The short film, WAITING ROOM, was released as the Winner for the 2018 Nashville 48 Hour Film Project. I am so proud of the cast and crew of this film. We had a blast shooting this despite the road blocks and the amount of perspiration spent on the third floor of an unused creepy hospital.

It was a whirlwind as I was baptized by fire as the 1st AD (first assistant director), a role on set I had never performed to its full capacity and never on a 48-hour film. Everyone on set did multiple tasks not completely traditional to their assigned roles, therefore everyone was helping one another and having the same challenges. I was a producer and a production manager as well. The set up behind the scenes fascinates me. And from what I've experienced on multiple occasions is if the behind-the-scenes is in order and harmony exists among crew, you have a successful end-product. Communication is the most important aspect of creating a positive set-experience, with clearly defined crew positions playing a close second. The Dunlap Brothers were prepared to make this a reality and signing on for this film was something I had zero doubts about. Feel free to comment below!
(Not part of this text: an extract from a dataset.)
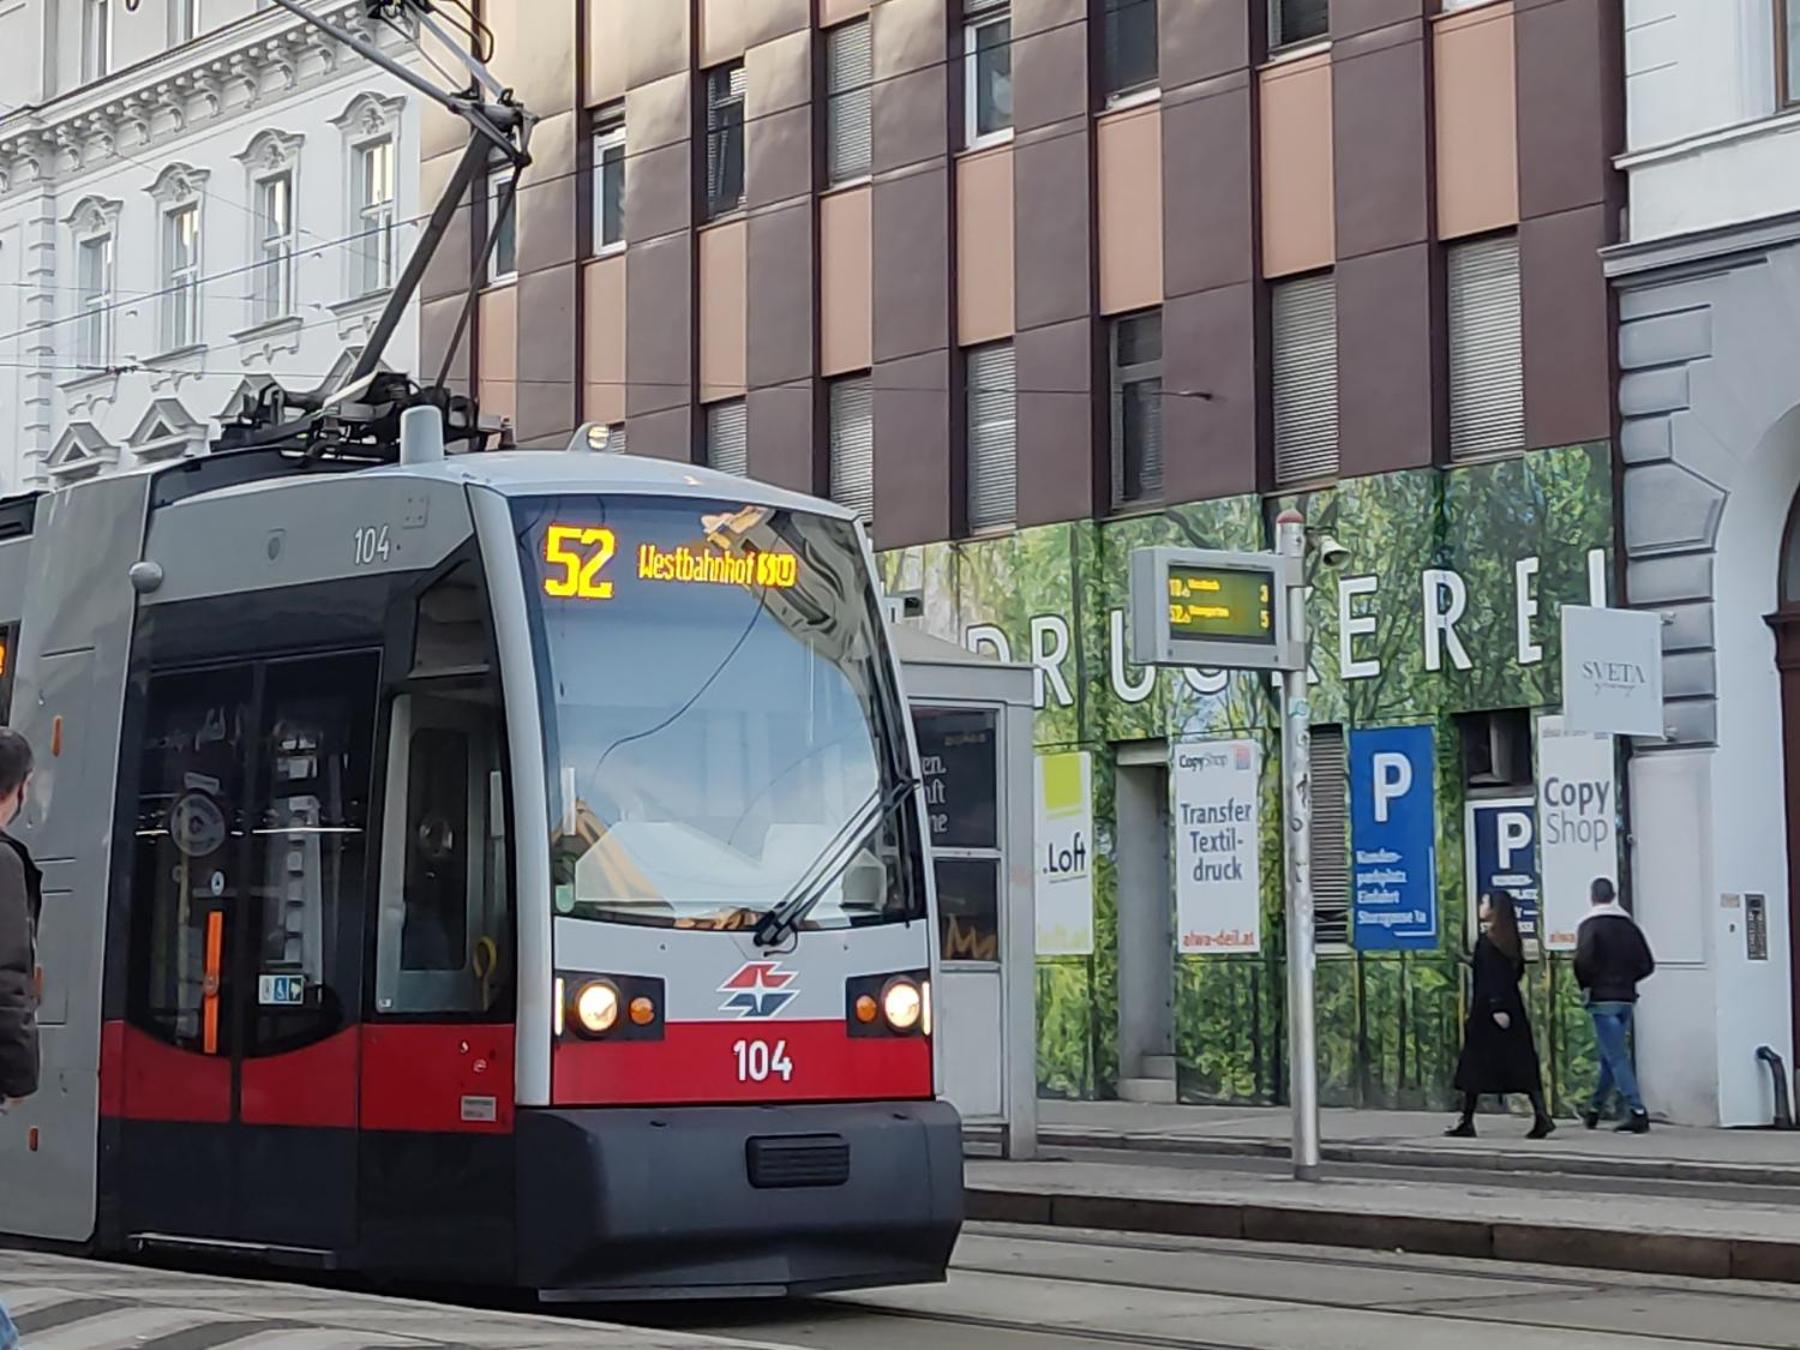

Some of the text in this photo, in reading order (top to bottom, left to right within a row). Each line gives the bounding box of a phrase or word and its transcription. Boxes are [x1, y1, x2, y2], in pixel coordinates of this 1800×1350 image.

STAY is a short film released this year after a short festival run at The Jersey Shore Film Festival.

The cast and crew for this gem was created with great effort, but one that was well worth it in the end. We'd prepared months for this shoot. Our crew came from all over the country.

Day one, I was lying on cold concrete for over an hour on a street in rural Tennessee as they placed fake blood on my face and framed up several shots for the day. A police officer came to see what was up and when he got closer he exclaimed, "oh! You're shootin' a movie!". I was emotionally tapped out when we wrapped and cried on the car-ride home. You'll know what I mean if you've watched it.

I looked to experiences I've had that match the height of the emotion in the moment when preparing for this character. I watched my Meemaw, my maternal grandmother (God-rest her soul), grieve my Peepaw and all the while wishing I could take her pain away. Just months after his passing, extended family gathered for her birthday and a big potluck. I selected a hand-made cedar-wood frame and put a picture of her and my grandfather in it from when they visited the Holy Lands together. It took her breath away, and in that same moment caused her heart to break all over again. I was horrified and confused and felt responsible for her pain, yet my mother told me that it was a sweet thought and to let her grieve. Experiencing her pain brought me into that place with her - deepening my appreciation for their love.

I'm grateful for this experience and hope that this film serves as a springboard for innumerable opportunities for everyone involved, but more importantly to help others lean into their healing after viewing it. Thank you Brandon Davis for writing this beautiful story and casting me as its lead. I am honored.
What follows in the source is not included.